• GIVEN RECORDS
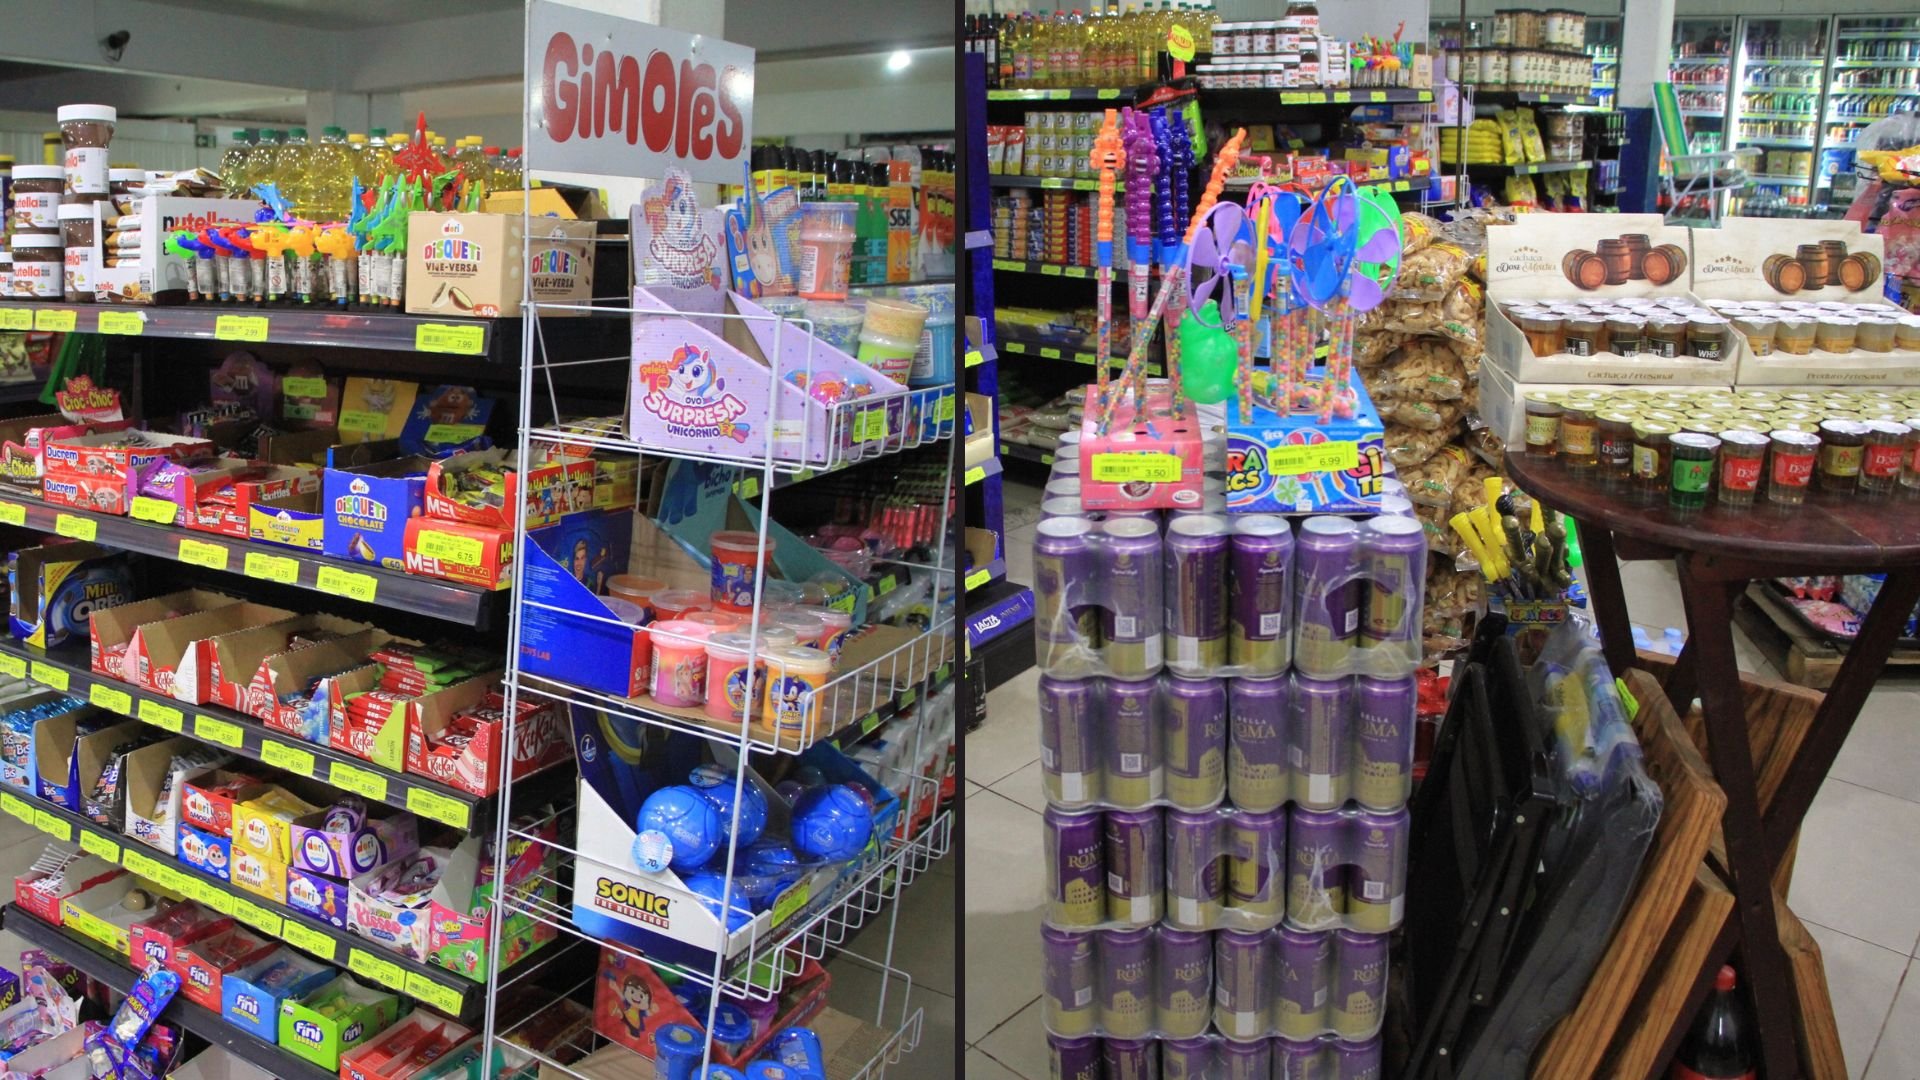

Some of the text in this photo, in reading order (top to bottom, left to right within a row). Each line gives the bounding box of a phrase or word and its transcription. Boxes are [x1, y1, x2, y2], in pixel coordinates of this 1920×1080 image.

[444, 223, 460, 233] dori
[244, 326, 258, 336] 2.99
[456, 340, 473, 349] 7.99
[643, 389, 746, 428] SURPRESA
[685, 396, 702, 405] OVO
[47, 446, 78, 461] Ducrem
[1227, 448, 1264, 472] RA
[1319, 456, 1341, 466] 6.99
[1144, 469, 1167, 477] 3.50
[45, 479, 77, 495] Ducrem
[262, 487, 291, 501] Skittles
[198, 515, 220, 525] Skittles
[338, 514, 385, 530] CHOCOLATE
[406, 551, 446, 576] MEL
[457, 551, 473, 562] 6.75
[351, 586, 365, 596] 8.99
[72, 593, 125, 622] OREO
[516, 710, 557, 760] KitKat
[430, 757, 455, 776] KitKat
[188, 798, 209, 813] dori
[249, 820, 265, 836] dori
[185, 840, 204, 856] dori
[307, 839, 325, 853] dori
[356, 836, 374, 853] dori
[239, 864, 261, 877] dori
[236, 875, 262, 889] BANANA
[293, 883, 315, 902] dori
[596, 876, 671, 919] SONIC
[616, 902, 670, 929] HEDGEHOG
[144, 941, 168, 961] Fini
[189, 966, 210, 986] Fini
[379, 971, 394, 983] 2.99
[236, 993, 259, 1016] Fini
[295, 1021, 321, 1042] Fini
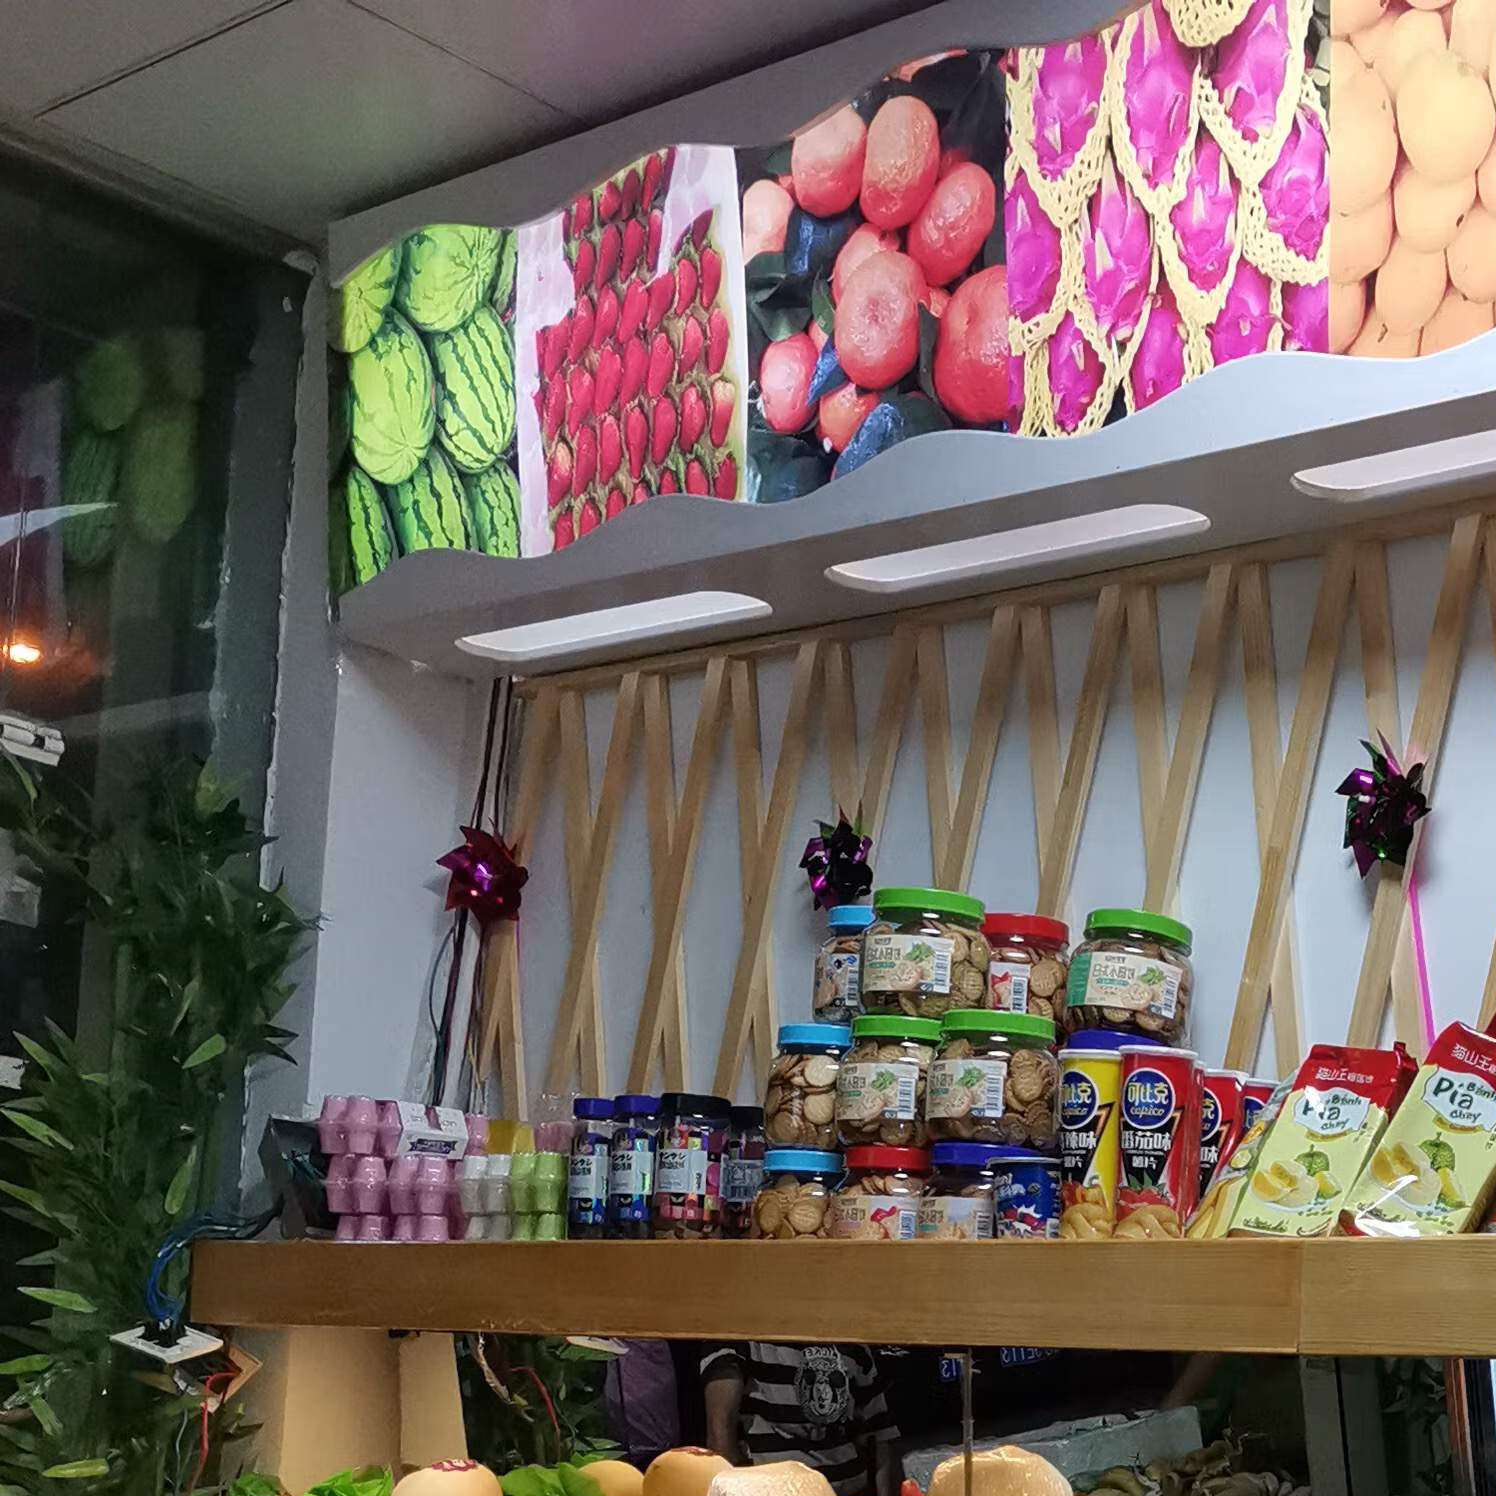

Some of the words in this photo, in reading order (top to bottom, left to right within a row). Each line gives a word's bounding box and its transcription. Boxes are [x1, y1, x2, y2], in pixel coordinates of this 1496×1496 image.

[1127, 1076, 1169, 1105] 可比克
[1121, 1130, 1172, 1150] 番茄味

• WHAT YOU WILL DO
Without the pictures, write out the whole listing exactly as it appears.

• SOLUTION FOR THIS TASK
Some of the text in this photo, in reading order (top to bottom, left to right within a row). Each line gives the bounding box of a phrase or word and its transcription. Boxes are [x1, y1, x2, y2], in pixel coordinates of this 1920×1080 image.

[444, 223, 460, 233] dori
[244, 326, 258, 336] 2.99
[456, 340, 473, 349] 7.99
[643, 389, 746, 428] SURPRESA
[685, 396, 702, 405] OVO
[47, 446, 78, 461] Ducrem
[1227, 448, 1264, 472] RA
[1319, 456, 1341, 466] 6.99
[1144, 469, 1167, 477] 3.50
[45, 479, 77, 495] Ducrem
[262, 487, 291, 501] Skittles
[198, 515, 220, 525] Skittles
[338, 514, 385, 530] CHOCOLATE
[406, 551, 446, 576] MEL
[457, 551, 473, 562] 6.75
[351, 586, 365, 596] 8.99
[72, 593, 125, 622] OREO
[516, 710, 557, 760] KitKat
[430, 757, 455, 776] KitKat
[188, 798, 209, 813] dori
[249, 820, 265, 836] dori
[185, 840, 204, 856] dori
[307, 839, 325, 853] dori
[356, 836, 374, 853] dori
[239, 864, 261, 877] dori
[236, 875, 262, 889] BANANA
[293, 883, 315, 902] dori
[596, 876, 671, 919] SONIC
[616, 902, 670, 929] HEDGEHOG
[144, 941, 168, 961] Fini
[189, 966, 210, 986] Fini
[379, 971, 394, 983] 2.99
[236, 993, 259, 1016] Fini
[295, 1021, 321, 1042] Fini

Some of the words in this photo, in reading order (top to bottom, left to right within a row). Each line gives a word's bounding box and its transcription. Boxes are [x1, y1, x2, y2], in pixel coordinates of this 1496×1496 image.

[1127, 1076, 1169, 1105] 可比克
[1121, 1130, 1172, 1150] 番茄味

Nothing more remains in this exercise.